GIVEN DATA Start Marker

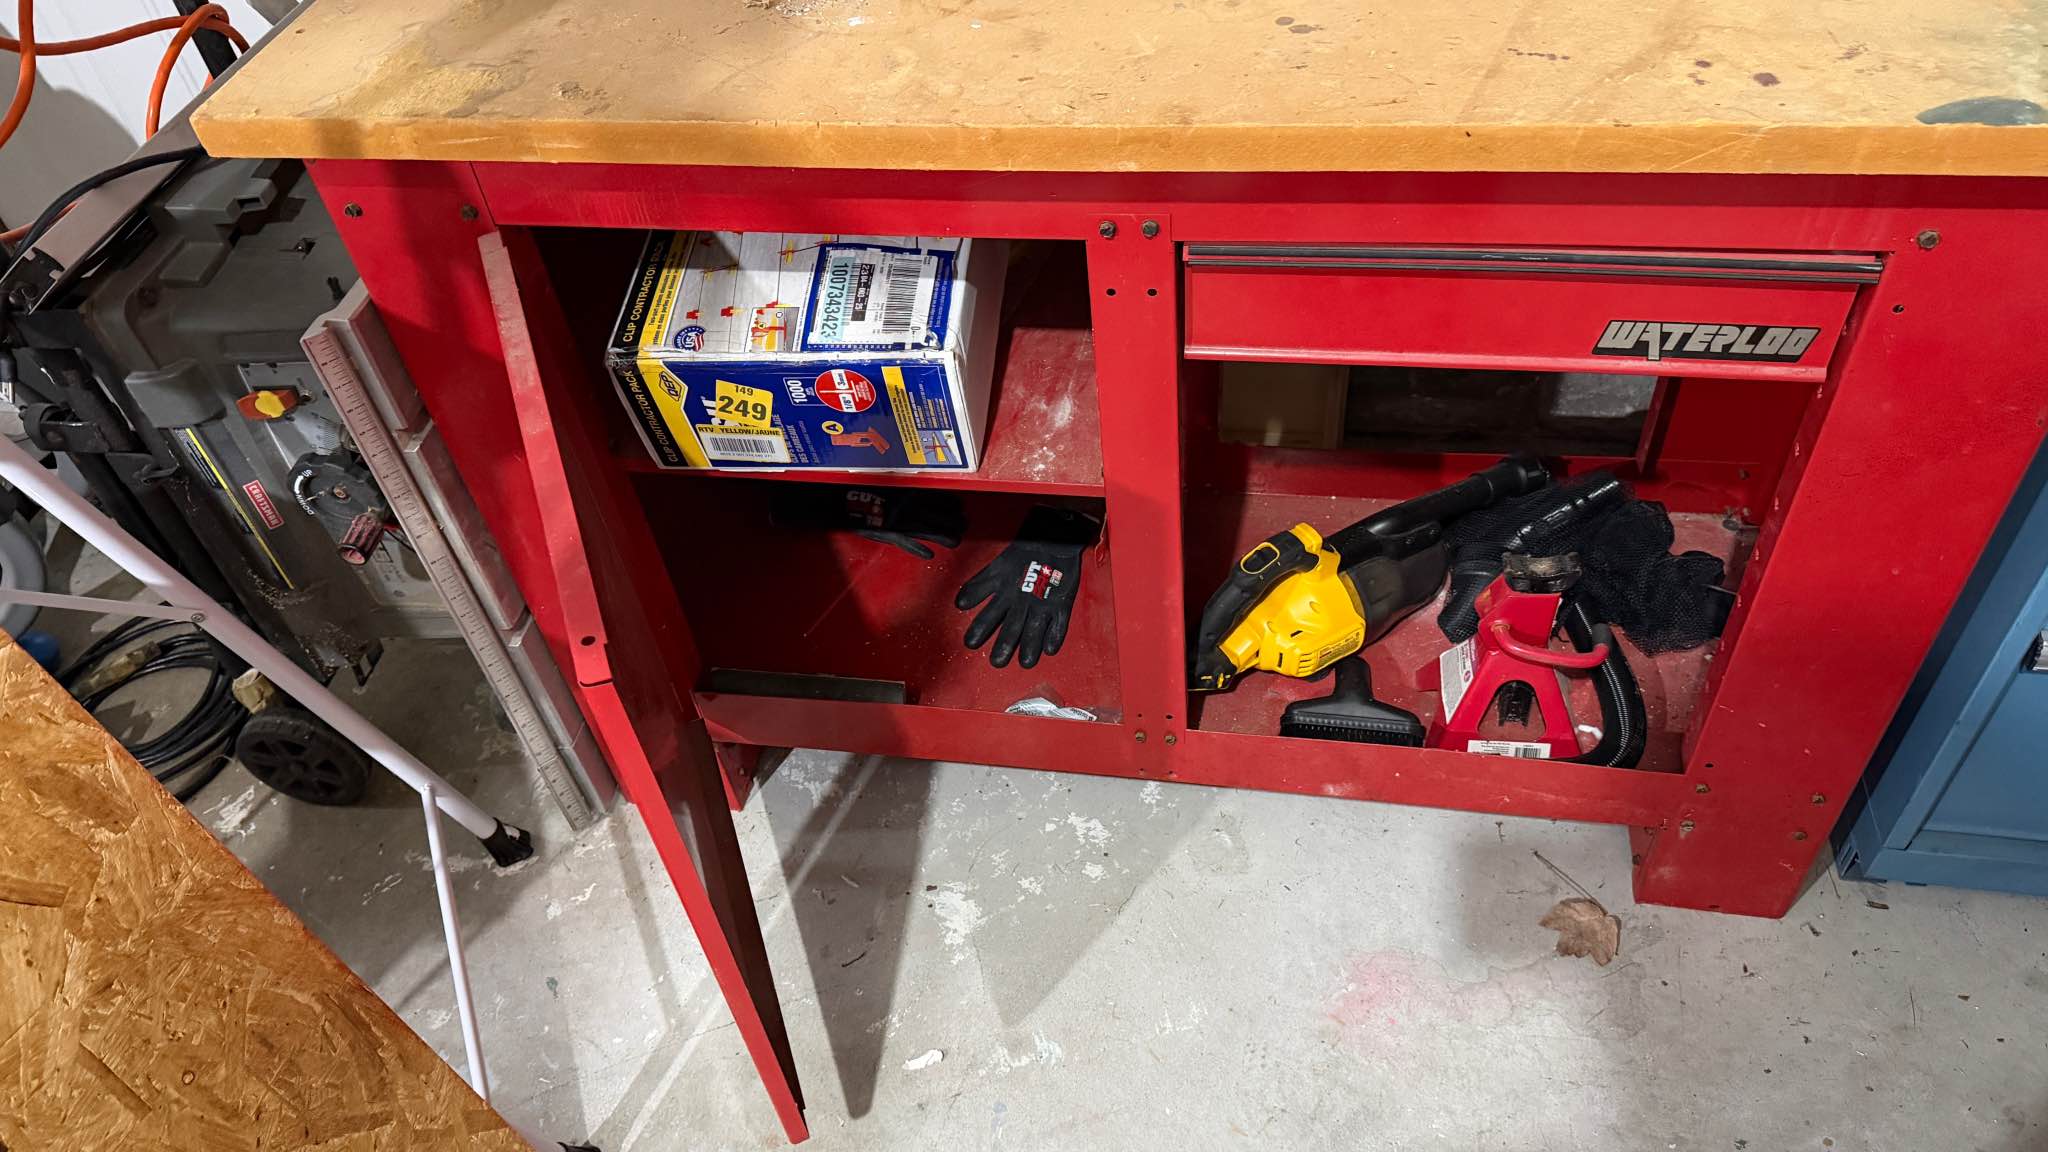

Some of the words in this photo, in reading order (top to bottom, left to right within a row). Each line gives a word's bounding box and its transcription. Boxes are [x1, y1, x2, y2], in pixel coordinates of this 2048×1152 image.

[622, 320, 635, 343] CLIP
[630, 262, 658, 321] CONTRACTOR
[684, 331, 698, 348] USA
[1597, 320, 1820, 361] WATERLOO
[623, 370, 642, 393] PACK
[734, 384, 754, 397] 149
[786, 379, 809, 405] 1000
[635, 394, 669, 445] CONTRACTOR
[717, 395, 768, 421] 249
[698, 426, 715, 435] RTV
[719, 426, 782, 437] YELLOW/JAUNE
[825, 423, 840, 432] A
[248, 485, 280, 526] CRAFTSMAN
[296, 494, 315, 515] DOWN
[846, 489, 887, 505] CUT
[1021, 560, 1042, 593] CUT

GIVEN DATA End Marker

PROBLEM: Each record needs to be reproduced exactly, and no image should be carried over.

RESULT FOR THIS TASK:
Some of the words in this photo, in reading order (top to bottom, left to right within a row). Each line gives a word's bounding box and its transcription. Boxes are [x1, y1, x2, y2], in pixel coordinates of this 2048×1152 image.

[622, 320, 635, 343] CLIP
[630, 262, 658, 321] CONTRACTOR
[684, 331, 698, 348] USA
[1597, 320, 1820, 361] WATERLOO
[623, 370, 642, 393] PACK
[734, 384, 754, 397] 149
[786, 379, 809, 405] 1000
[635, 394, 669, 445] CONTRACTOR
[717, 395, 768, 421] 249
[698, 426, 715, 435] RTV
[719, 426, 782, 437] YELLOW/JAUNE
[825, 423, 840, 432] A
[248, 485, 280, 526] CRAFTSMAN
[296, 494, 315, 515] DOWN
[846, 489, 887, 505] CUT
[1021, 560, 1042, 593] CUT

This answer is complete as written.